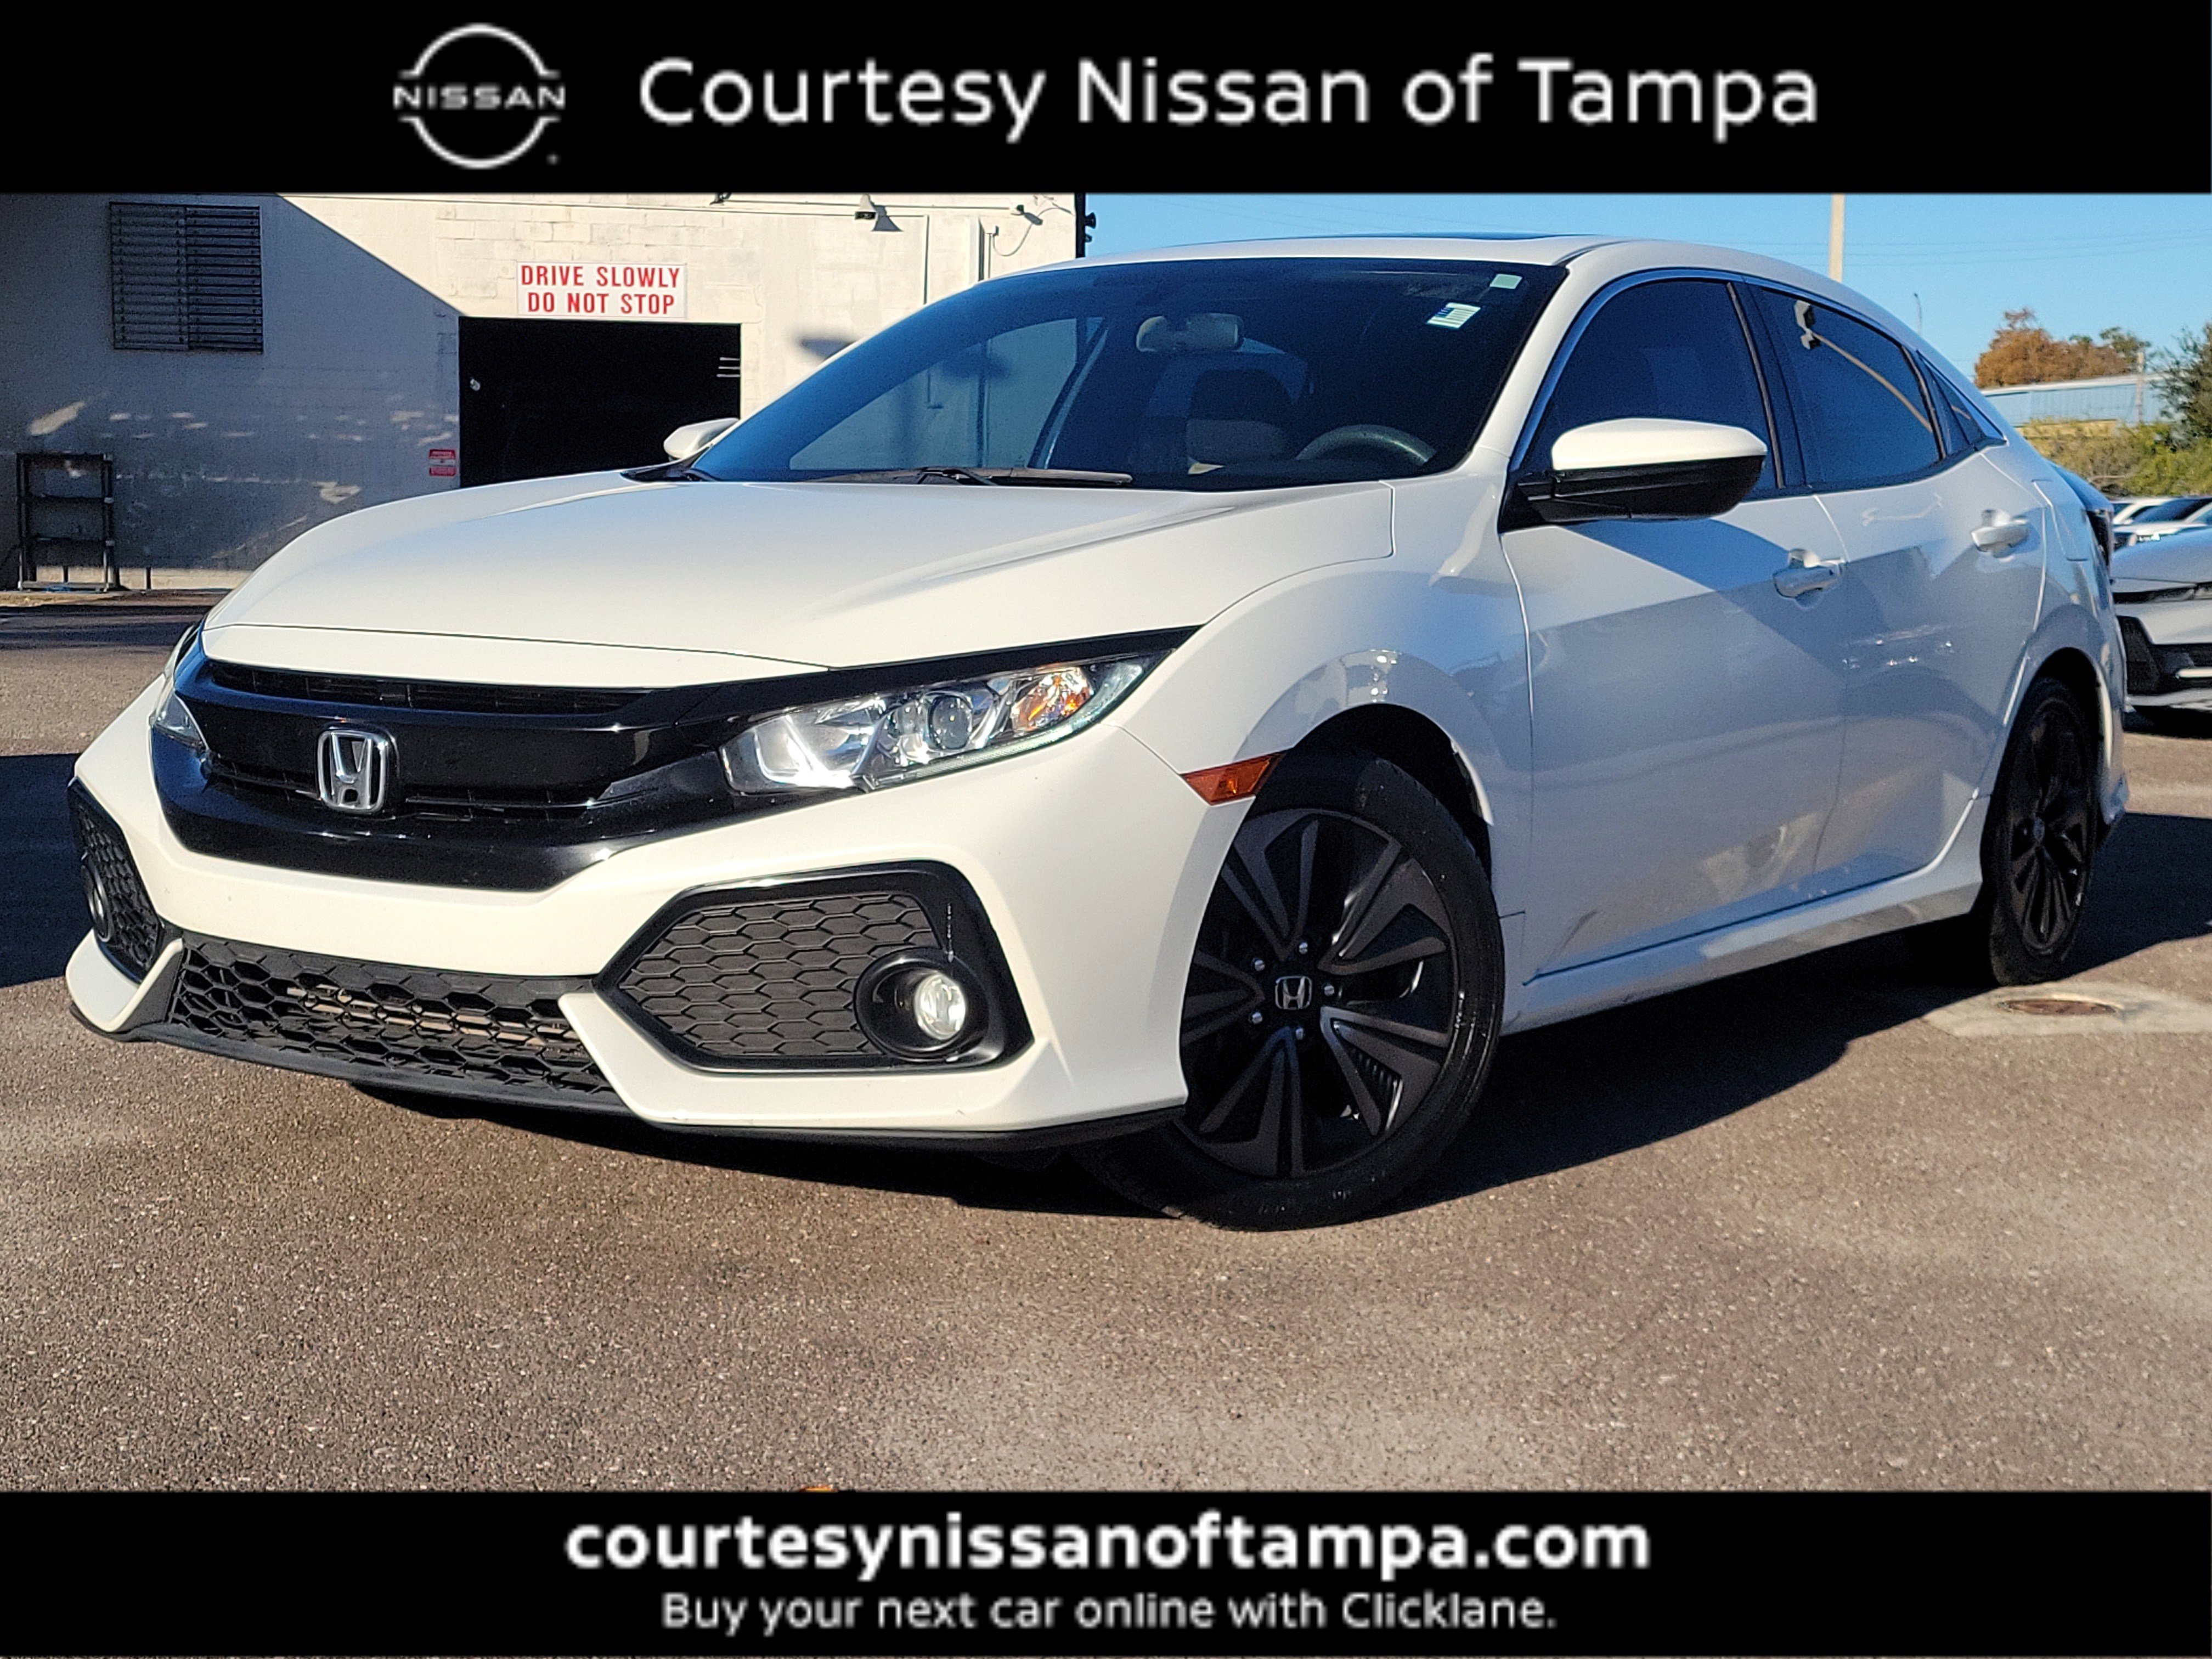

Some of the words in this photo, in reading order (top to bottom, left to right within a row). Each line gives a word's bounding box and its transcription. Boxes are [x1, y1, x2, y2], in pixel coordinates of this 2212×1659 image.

[521, 265, 584, 286] DRIVE
[596, 266, 680, 288] SLOWLY
[528, 292, 555, 313] DO
[567, 292, 609, 313] NOT
[620, 293, 675, 314] STOP
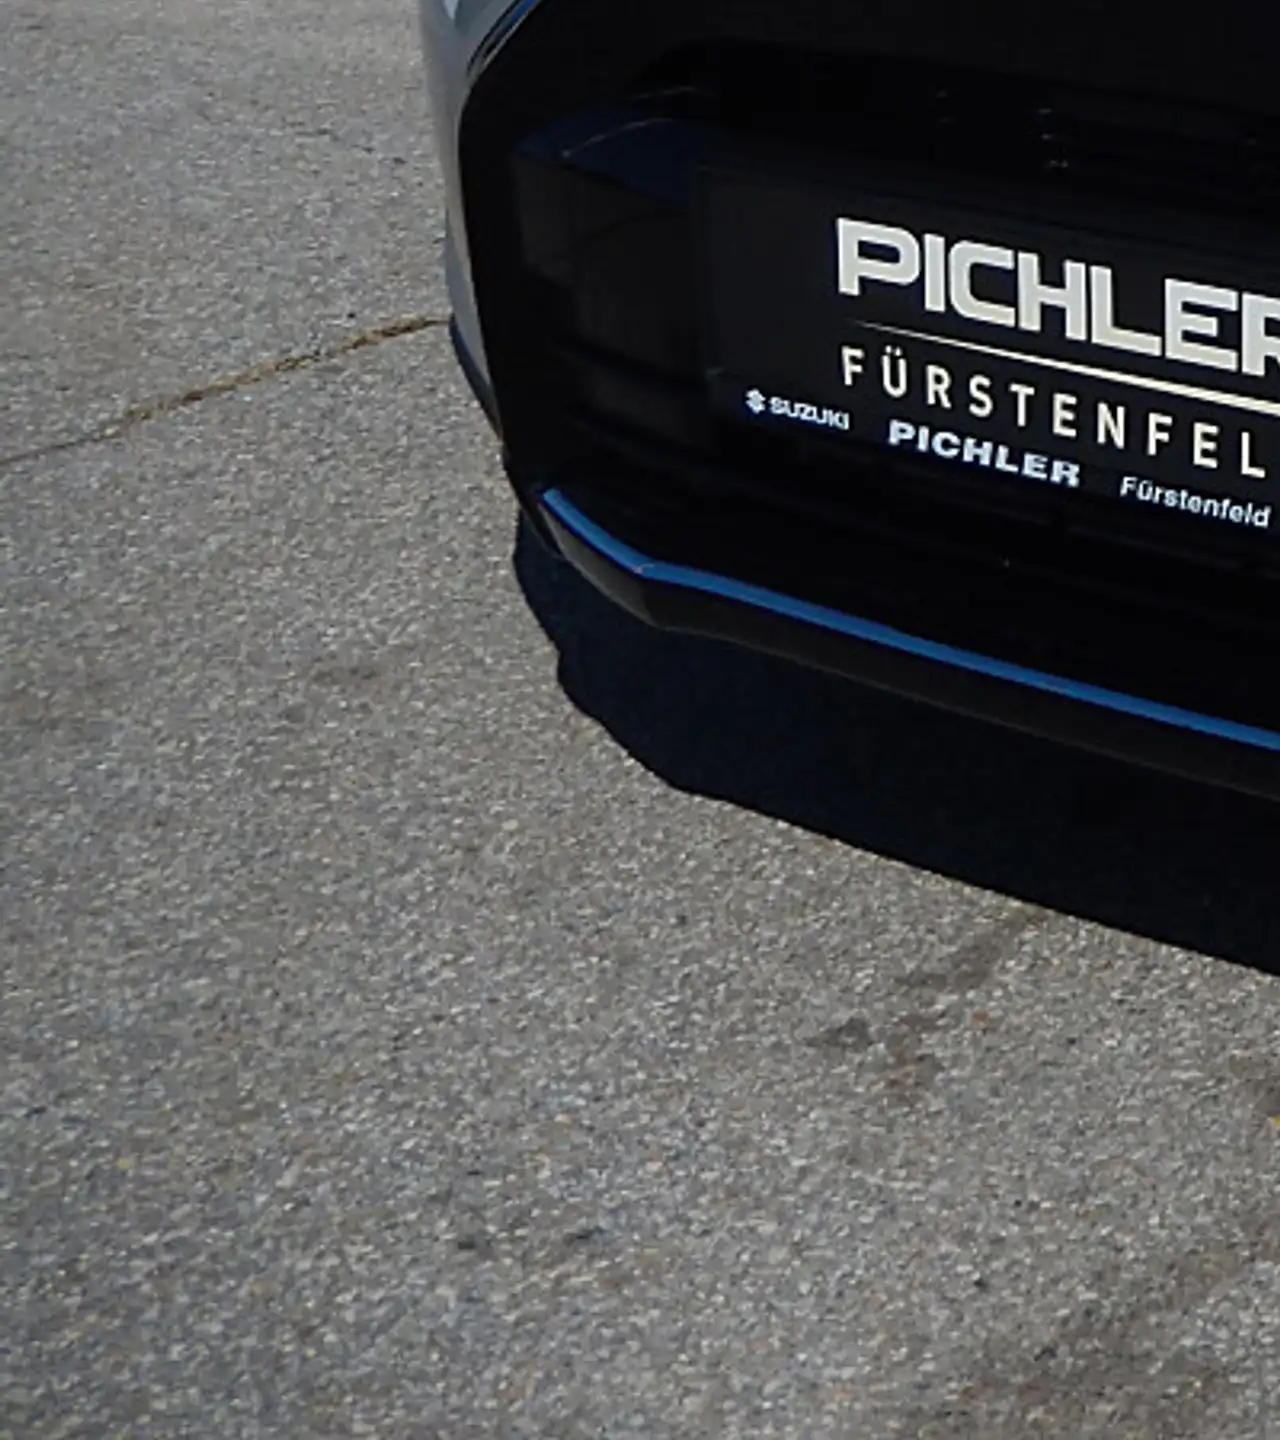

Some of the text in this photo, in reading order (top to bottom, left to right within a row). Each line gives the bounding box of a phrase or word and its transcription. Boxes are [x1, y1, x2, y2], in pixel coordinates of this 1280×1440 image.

[769, 396, 850, 431] SUZUKI
[887, 419, 1080, 488] PICHLER
[1119, 476, 1272, 528] Fürstenfeld
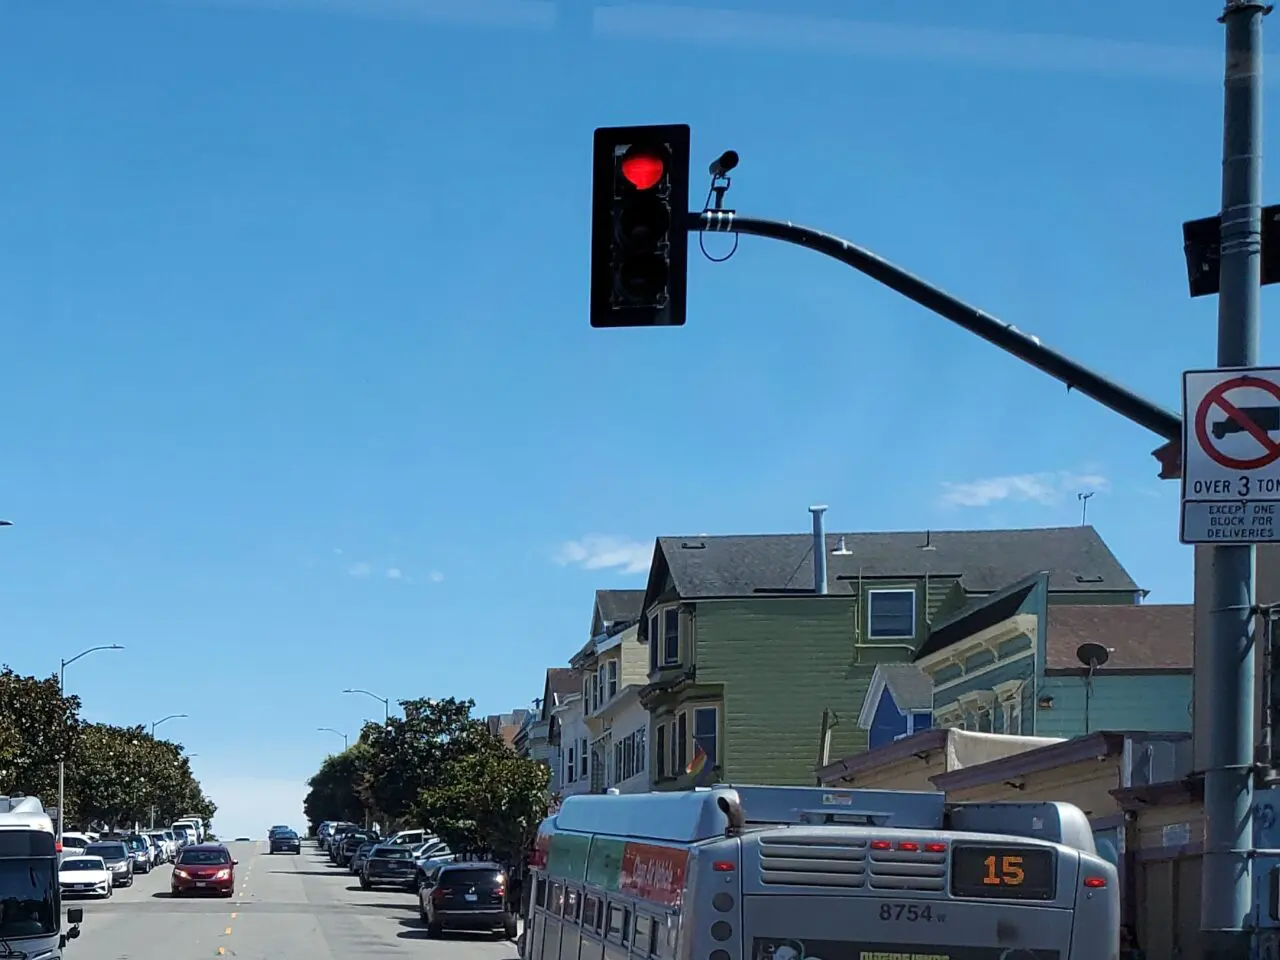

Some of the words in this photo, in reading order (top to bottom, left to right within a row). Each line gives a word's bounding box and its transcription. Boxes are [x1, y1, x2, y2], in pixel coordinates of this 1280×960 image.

[1193, 479, 1231, 494] OVER
[1237, 475, 1250, 497] 3
[1208, 504, 1246, 515] EXCEPT
[1253, 504, 1276, 514] ONE
[1210, 516, 1245, 526] BLOCK
[1252, 516, 1273, 526] FOR
[1207, 528, 1275, 538] DELIVERIES
[982, 855, 1025, 886] 15
[879, 903, 933, 922] 8754

- TASK STATEMENT -
The pictures are to be omitted, and the rest of the listing is to be transcribed exactly.

- RESPONSE -
Some of the words in this photo, in reading order (top to bottom, left to right within a row). Each line gives a word's bounding box and its transcription. Boxes are [x1, y1, x2, y2], in pixel coordinates of this 2212×1659 image.

[521, 265, 584, 286] DRIVE
[596, 266, 680, 288] SLOWLY
[528, 292, 555, 313] DO
[567, 292, 609, 313] NOT
[620, 293, 675, 314] STOP

Some of the text in this photo, in reading order (top to bottom, left to right within a row). Each line gives the bounding box of a phrase or word and its transcription. Boxes are [x1, y1, x2, y2], in pixel coordinates of this 1280×1440 image.

[769, 396, 850, 431] SUZUKI
[887, 419, 1080, 488] PICHLER
[1119, 476, 1272, 528] Fürstenfeld

Some of the words in this photo, in reading order (top to bottom, left to right within a row). Each line gives a word's bounding box and its transcription. Boxes are [x1, y1, x2, y2], in pixel coordinates of this 1280×960 image.

[1193, 479, 1231, 494] OVER
[1237, 475, 1250, 497] 3
[1208, 504, 1246, 515] EXCEPT
[1253, 504, 1276, 514] ONE
[1210, 516, 1245, 526] BLOCK
[1252, 516, 1273, 526] FOR
[1207, 528, 1275, 538] DELIVERIES
[982, 855, 1025, 886] 15
[879, 903, 933, 922] 8754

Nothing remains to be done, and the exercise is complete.